Rudolf Nureyev è considerato internazionalmente una vera e propria icona della danza mondiale, una di quelle figure quasi mitiche e inarrivabili. Ma se dovessimo cercare un punto di svolta determinante per la sua straordinaria carriera fu quanto accadde il 16 giugno 1961.

Rudolf Nureyev in "Le Corsaire".
Rudolf Nureyev in “Le Corsaire”.

L’Unione Sovietica provocò un profondo scompaginamento della vita culturale russa, tanto che Rudolf Nureyev poté iniziare gli studi tersicorei solamente nel 1955 all’ età di 17 anni, quando gli fu acconsentito di entrare all’Accademia Vaganova del Kirov, nell’allora Leningrado. Immediatamente fu riconosciuto il suo straordinario valore e in poco tempo divenne famoso in tutta l’Unione Sovietica, grazie anche al forte radicamento della danza nella tradizione russa che donava ai ballerini una grande considerazione sociale. Per questi riconoscimenti, Nureyev ebbe il raro privilegio di poter viaggiare fuori dai confini sovietici e di esibirsi anche all’International Youth Festival di Vienna. Tuttavia il suo carattere molto difficile iniziò a manifestarsi insieme al suo talento e, per motivi disciplinari, gli fu ritirato il permesso di lasciare l’URSS.

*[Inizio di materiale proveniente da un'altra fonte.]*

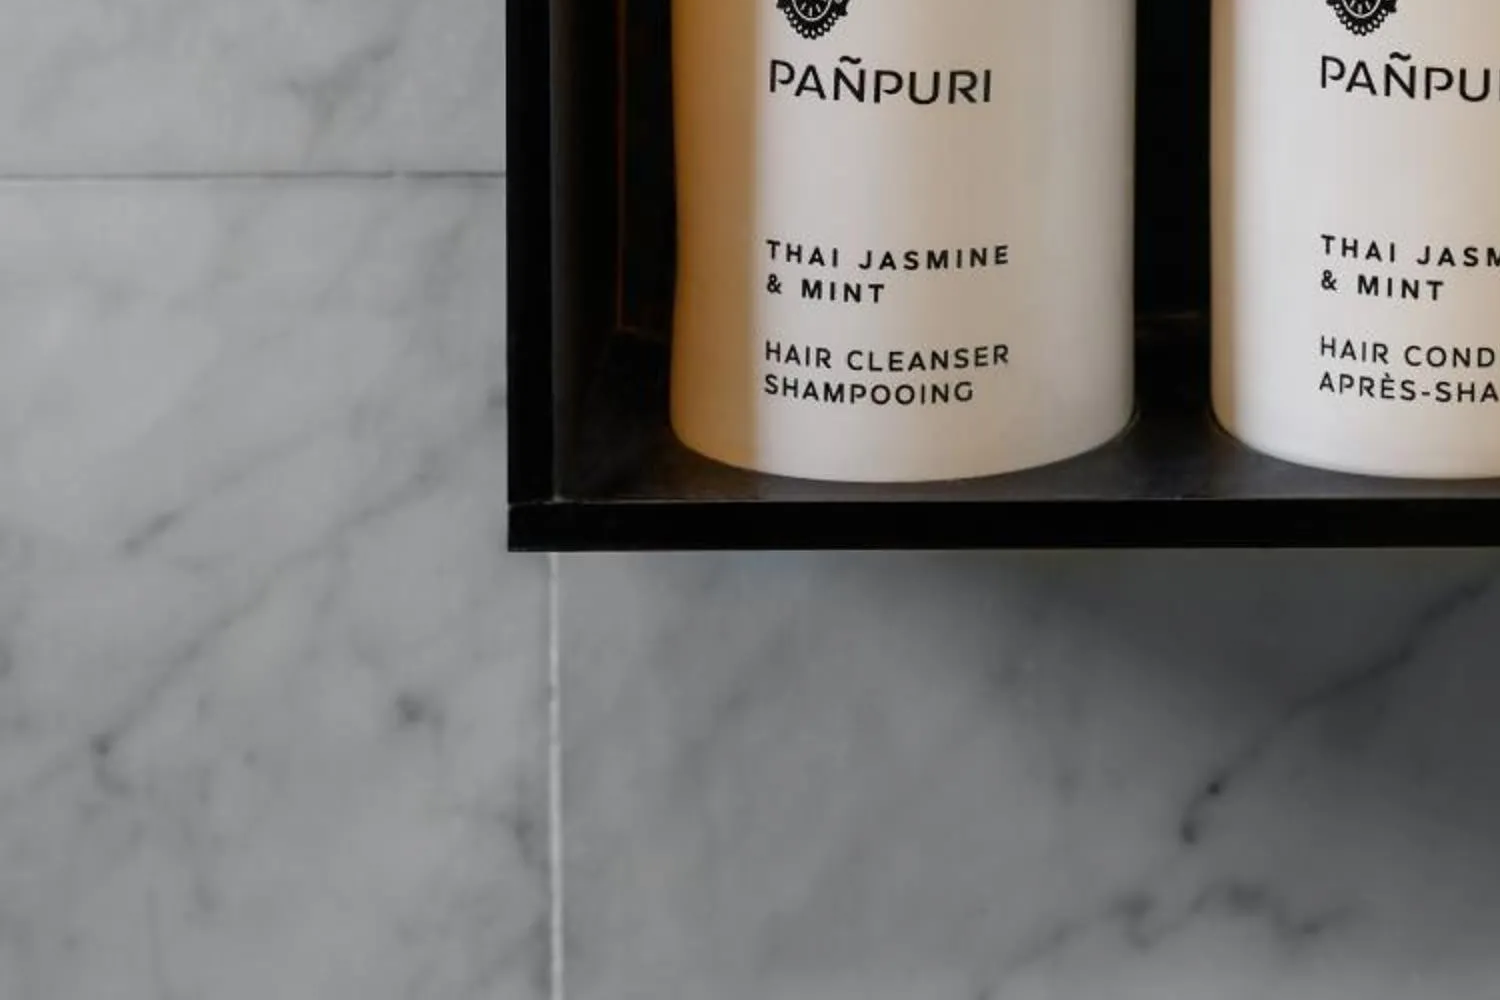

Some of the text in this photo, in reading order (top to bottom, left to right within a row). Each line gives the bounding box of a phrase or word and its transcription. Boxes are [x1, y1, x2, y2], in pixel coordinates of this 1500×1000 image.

Il 16 giugno 1961 il destino gli diede la possibilità di cambiare la sua sorte. A causa di un infortunio all’ultimo momento del Primo Ballerino del Kirov Kostantin Sergeyev, a Nureyev fu permesso di sostituirlo in un’esibizione a Parigi. Il pubblico e la critica rimasero estasiati ed esaltati dalla prestazione del talento russo. Nuovamente però, al termine della rappresentazione, Nureyev infranse le regole imposte dal regime che vietavano di frequentare stranieri. Per questo motivo, dopo diversi ammonimenti, fu accompagnato all’aeroporto della capitale francese per essere rimpatriato. Temendo di non poter più lasciare i confini dell’Unione Sovietica, Rudolf Nureyev all’aeroporto parigino di Le Bourget chiese asilo politico alla Francia, trasgredendo l’ordinanza ricevuta. Sebbene questa decisione non gli consentì di tornare in Russia fino al 1987, grazie ad un permesso speciale concessogli da Michail Gorbachov, Nureyev acquisì quella libertà personale che gli permise di consacrarsi a livello mondiale.